4/03/2008

* Yeniçerilerin Kıyafeti Yeter ...

19. yüzyılda Almanya'nın Mülhaym şehrindeki Ren nehrinin bir yakasında Almanlar, öbür yakasında da Fransız’lar oturuyordu.Fransızlar, her sene nehrin karşı kıyısına geçiyor, Almanlara âit topraklardaki mahsûlün tümünü toplayıp götürüyorlardı.O sıralarda, birliğini henüz te’mîn edememiş olan güçsüz Almanlar ise buna fazlaca ses çıkaramıyorlardı.

Ancak bu durum her yıl bıkkınlık verecek derecede sürünce, Almanlar çâreyi Osmanlı sultanına durumu yazıp, imdât istemekte bulurlar ve sultâna bir mektup gönderirler.Mektupta şöyle denilmektedir:
“Fransızlar her sene bize zulmediyor, mahsûlümüzü elimizden alıyorlar. Siz ki, dünyâya adâlet dağıtan bir imparatorluğun sultânı, İslâmiyet’in de halîfesisiniz. Bizi bu zulümden kurtarın. Asker gönderin. Ürünlerimizi bu sene olsun toplama imkânı sağlayın.”
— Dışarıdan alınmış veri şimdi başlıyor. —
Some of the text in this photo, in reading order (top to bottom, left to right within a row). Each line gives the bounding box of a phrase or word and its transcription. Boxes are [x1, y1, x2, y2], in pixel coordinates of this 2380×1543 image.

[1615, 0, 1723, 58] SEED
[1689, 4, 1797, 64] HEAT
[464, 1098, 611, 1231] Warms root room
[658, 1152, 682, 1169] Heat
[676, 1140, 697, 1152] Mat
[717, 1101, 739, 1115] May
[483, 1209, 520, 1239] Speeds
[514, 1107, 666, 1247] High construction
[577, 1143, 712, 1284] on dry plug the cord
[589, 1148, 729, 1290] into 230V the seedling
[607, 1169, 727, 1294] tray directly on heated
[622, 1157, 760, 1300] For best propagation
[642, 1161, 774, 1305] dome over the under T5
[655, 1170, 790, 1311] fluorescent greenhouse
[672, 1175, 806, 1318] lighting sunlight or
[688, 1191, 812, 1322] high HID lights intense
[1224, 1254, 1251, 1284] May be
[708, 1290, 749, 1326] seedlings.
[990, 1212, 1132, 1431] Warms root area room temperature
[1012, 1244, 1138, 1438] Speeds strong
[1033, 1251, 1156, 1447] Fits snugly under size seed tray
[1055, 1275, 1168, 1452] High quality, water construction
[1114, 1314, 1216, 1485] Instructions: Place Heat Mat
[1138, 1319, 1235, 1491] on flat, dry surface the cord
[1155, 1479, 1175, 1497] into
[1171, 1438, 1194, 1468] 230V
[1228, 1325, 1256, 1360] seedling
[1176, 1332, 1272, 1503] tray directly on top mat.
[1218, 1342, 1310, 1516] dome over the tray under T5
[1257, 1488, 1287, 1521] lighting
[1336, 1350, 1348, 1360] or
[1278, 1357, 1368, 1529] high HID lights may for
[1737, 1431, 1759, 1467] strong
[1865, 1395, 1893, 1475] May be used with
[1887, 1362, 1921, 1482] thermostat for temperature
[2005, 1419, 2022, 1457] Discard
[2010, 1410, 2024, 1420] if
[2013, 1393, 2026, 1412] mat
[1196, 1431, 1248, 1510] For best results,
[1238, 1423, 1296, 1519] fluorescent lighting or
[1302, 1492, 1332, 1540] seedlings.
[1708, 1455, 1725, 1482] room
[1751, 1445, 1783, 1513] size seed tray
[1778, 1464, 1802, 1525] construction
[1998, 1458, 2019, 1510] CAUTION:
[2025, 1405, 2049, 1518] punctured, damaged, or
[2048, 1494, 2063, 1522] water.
Osmanlı’nın iç ve dış sorunlarının had safhada olduğu bir zamâna denk gelen bu yardım isteğini inceleyen pâdişâh asker göndermeyi mümkün ve gerekli görmez; yalnızca asker elbîsesi göndermeyi kâfî bulur. Yardım isteğini bildiren mektuba cevâbî bir mektup yazılır. Bu mektupla birlikte içi asker elbîsesi dolu üç çuval da Almanlara yollanır.
Şaşkına dönen Almanlar, çuvalları alıp mektubu okurlar: Mektupta şunlar yazmaktadır:
“ Fransızlar korkak ademlerdir. Onlara yeniçeri göndermemize gerek yoktur. Yeniçerimizin kıyafetini görmeleri kâfîdir. Çuval içindeki Osmanlı askerinin elbîselerini adamlarınıza giydirin. Bu adamları mahsûl zamânı, nehrin görülecek yerlerinde dolaştırın. Karşıdan gören Fransızlar için bu yeterlidir.”

Bağ bahçe sâhipleri hemen Osmanlı askerinin kıyâfetlerini kapışırlar. Hasat vakti geldiğinde giydikleri bu yeniçeri kıyâfetleriyle ve büyük bir heyecanla, nehir kıyısında dolaşmaya başlarlar.Ertesi gün, nehrin karşı yakasından gelen haber, Alman’ların sevinç çığlıkları atmalarına sebep olur:
Almanlara Osmanlılar'dan imdât geldiğini zanneden Fransızlar, korkudan, köylerini dahi terk ederek iç kısımlara doğru kaçmaktadırlar. Mahsûlünüzü rahatça toplayabilirsiniz. Zulüm sona ermiştir.”

Bu hadise, Mülhaym’lıların gönüllerinde taht kurar.Giydikleri yeniçeri kıyâfetlerini, daha sonra Mülhaym'a bağlı Karlsruhe müzesine koyup ziyârete açarlar. Şehrin en yüksek binâsına da Osmanlı bayrağı asarlar. Ayrıca, hâlen olayın yıldönümünde şehirde bir karnaval düzenleyip hadiseyi temsîlen kutlarlar.
Bu olay, Osmanlı'nın sâdece birkaç yeniçeri kıyâfetiyle Alman’ları Fransız’ların elinden ve talanından nasıl kurtardığını anlatan, mâziden kalma, pırlantalarla resmedilmiş bir tablo gibidir. Hani insanın içinden geçmiyor da değil; Neymişiz ne olmuşuz...
EY OSMANLI EN DÜŞKÜN HALİNLE BİLE OLSA BİZ TORUNLARA O ULU. O DÜNYAYI GÖLGESİNDE FERAHLATAN ELİNİ UZATSAN... RAZIYIZ.RAZIYIZ.RAZIYIZ ...

1 yorum:

Adsız dedi ki...

Baya arastirdim, bunun dogrulugunu hicbiryerde (Türksiteleri haric) göremedim.
Bunu ilk kim yazmis?? Almanyada kimsenin haberi yok bundan......malesef.